*** Available data Section Begins ***
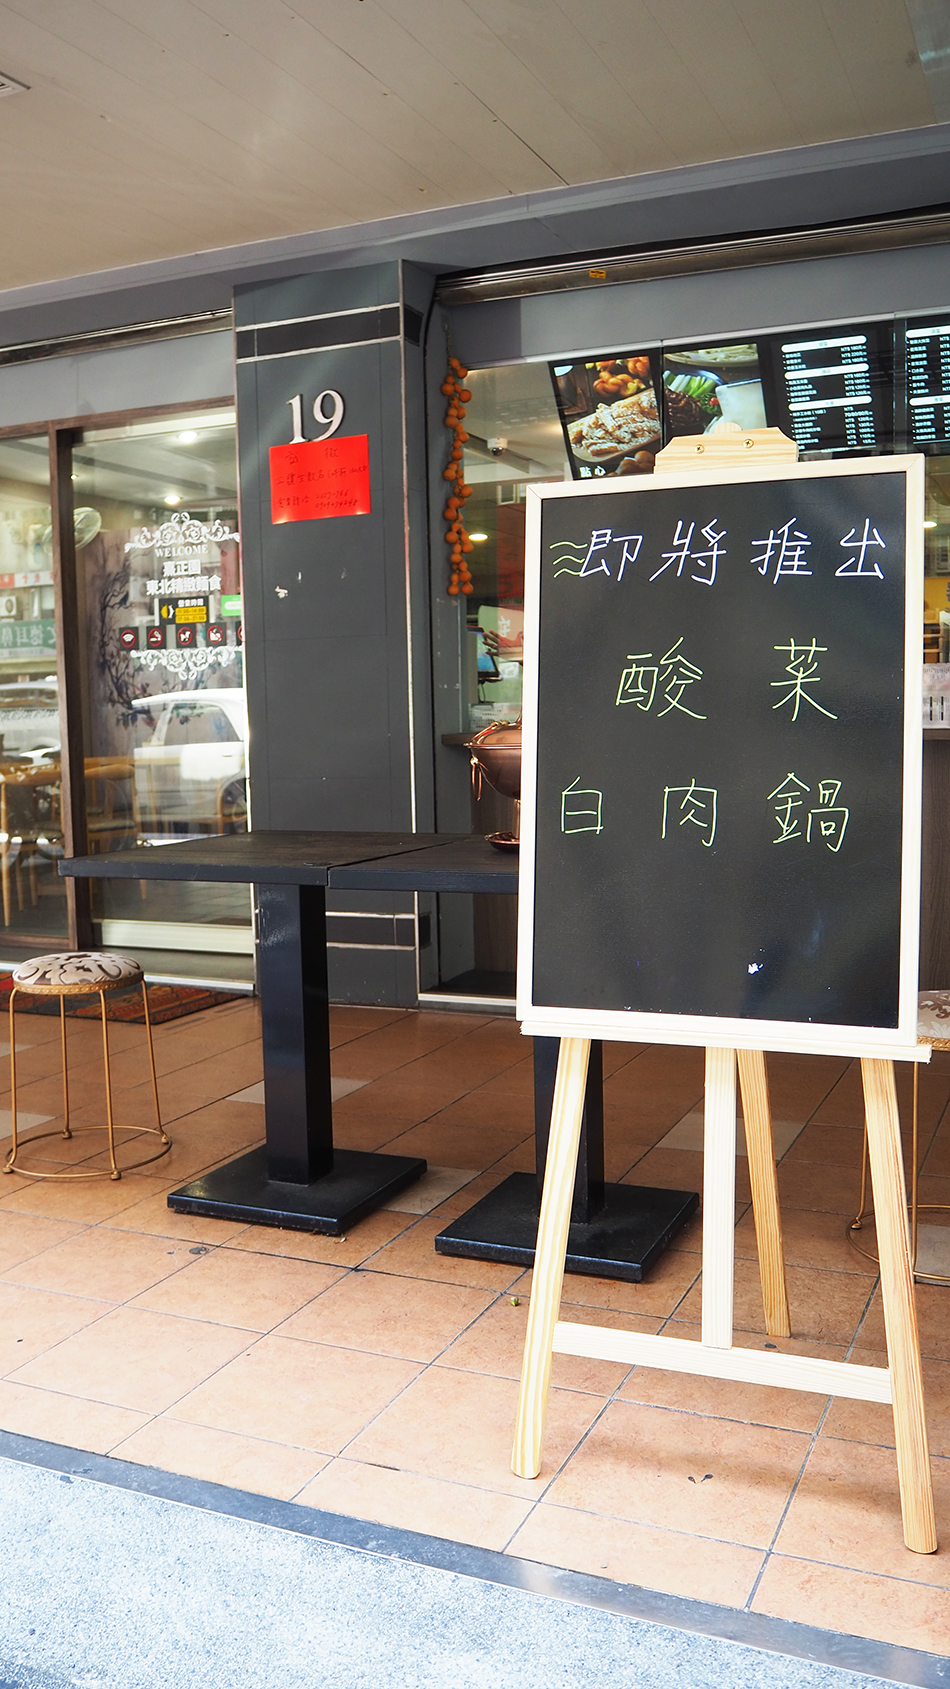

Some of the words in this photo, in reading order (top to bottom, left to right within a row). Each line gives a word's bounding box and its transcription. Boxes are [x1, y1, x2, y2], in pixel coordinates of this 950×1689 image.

[287, 390, 345, 444] 19
[579, 465, 606, 478] 點心
[154, 544, 209, 558] WELCOME
[580, 518, 886, 585] 即將推出
[616, 637, 837, 721] 酸菜
[562, 773, 848, 852] 白肉鍋
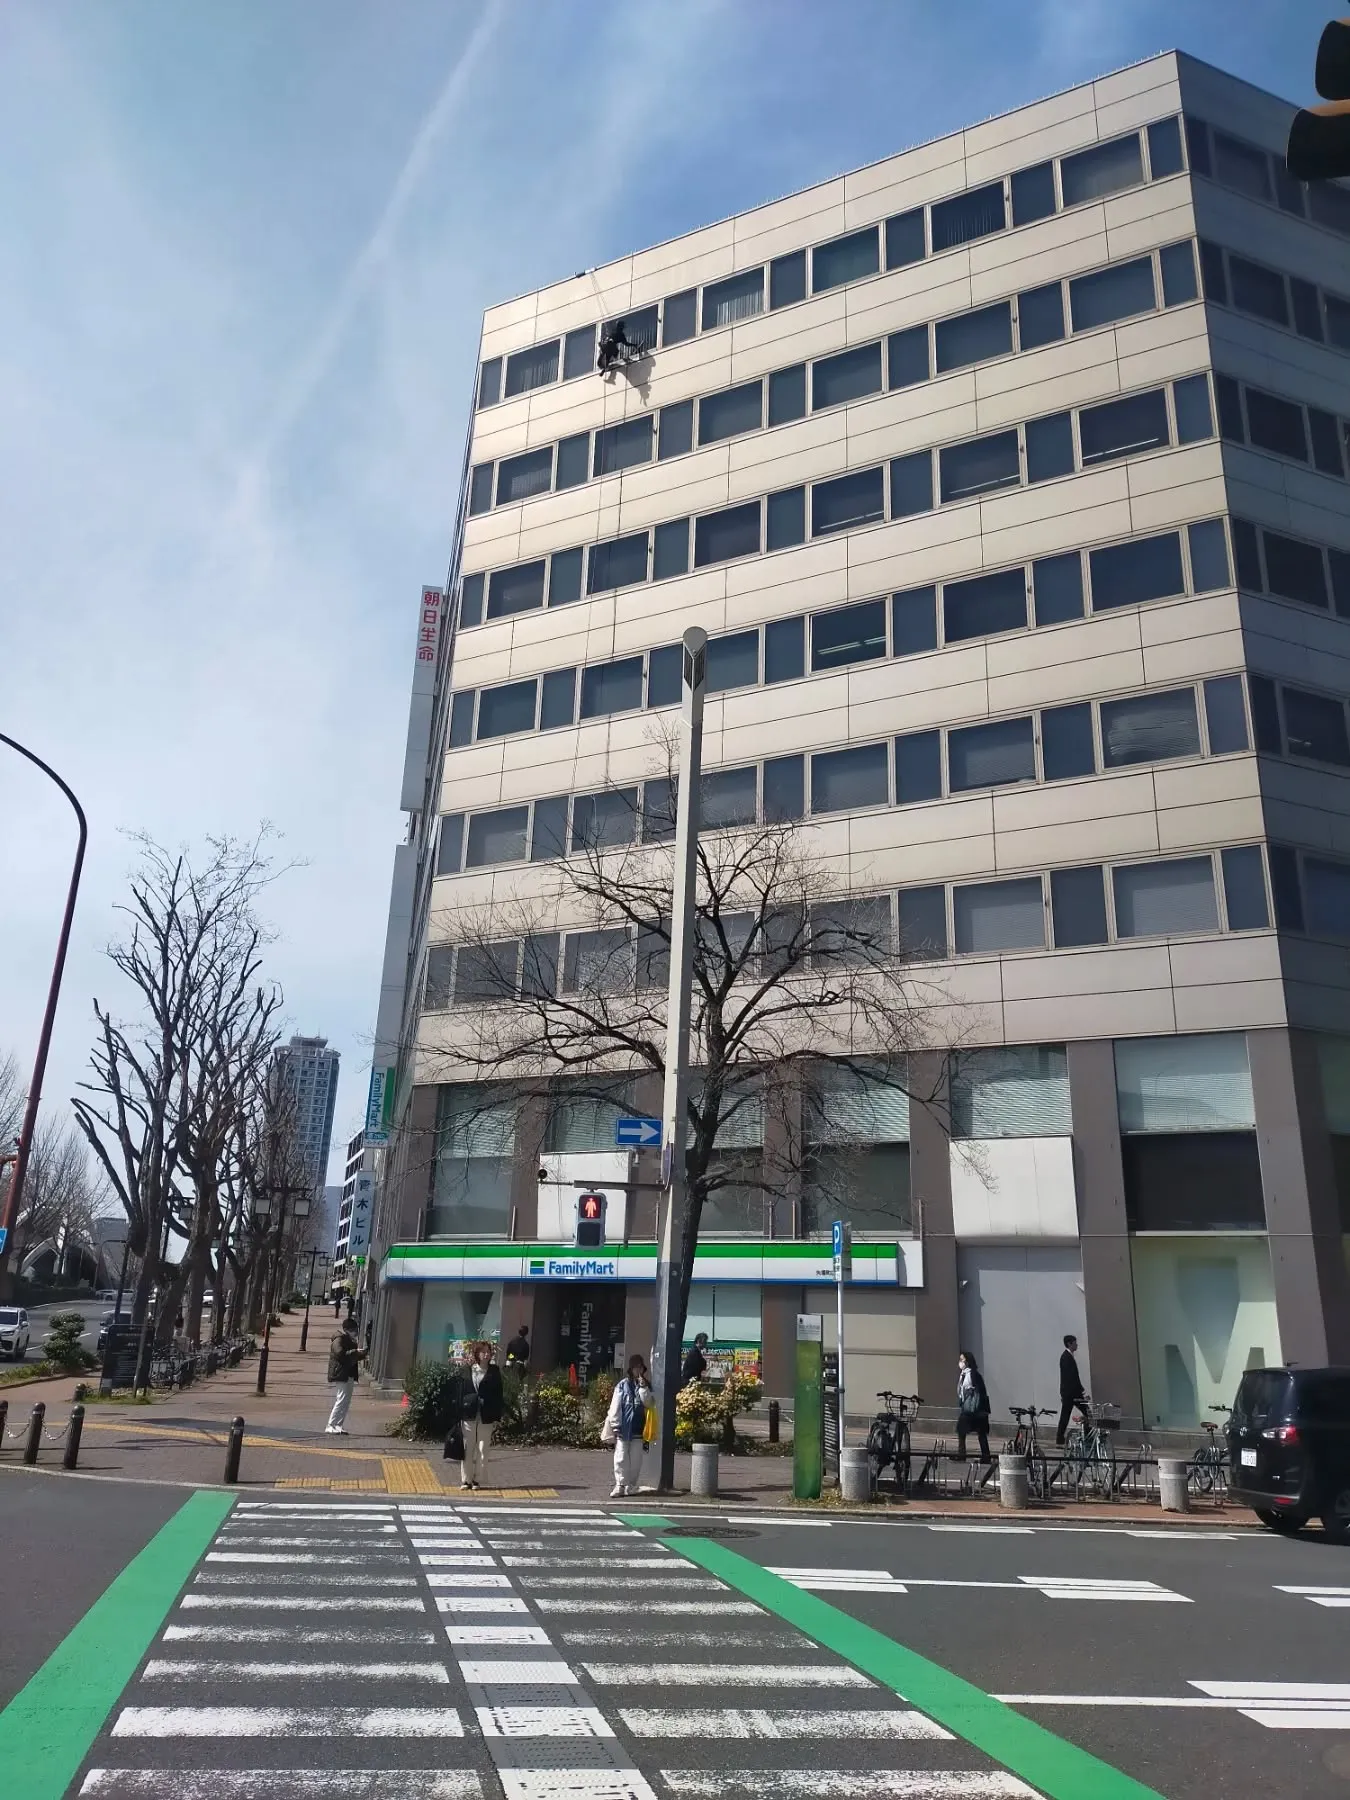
*** Available data Section Ends ***
> [Requirement]: Quote the data above in full and without alteration; skip the pictures.

> [Result below]:
Some of the words in this photo, in reading order (top to bottom, left to right within a row). Each line gives a word's bounding box and its transcription. Boxes are [x1, y1, x2, y2], in pixel coordinates of this 950×1689 image.

[287, 390, 345, 444] 19
[579, 465, 606, 478] 點心
[154, 544, 209, 558] WELCOME
[580, 518, 886, 585] 即將推出
[616, 637, 837, 721] 酸菜
[562, 773, 848, 852] 白肉鍋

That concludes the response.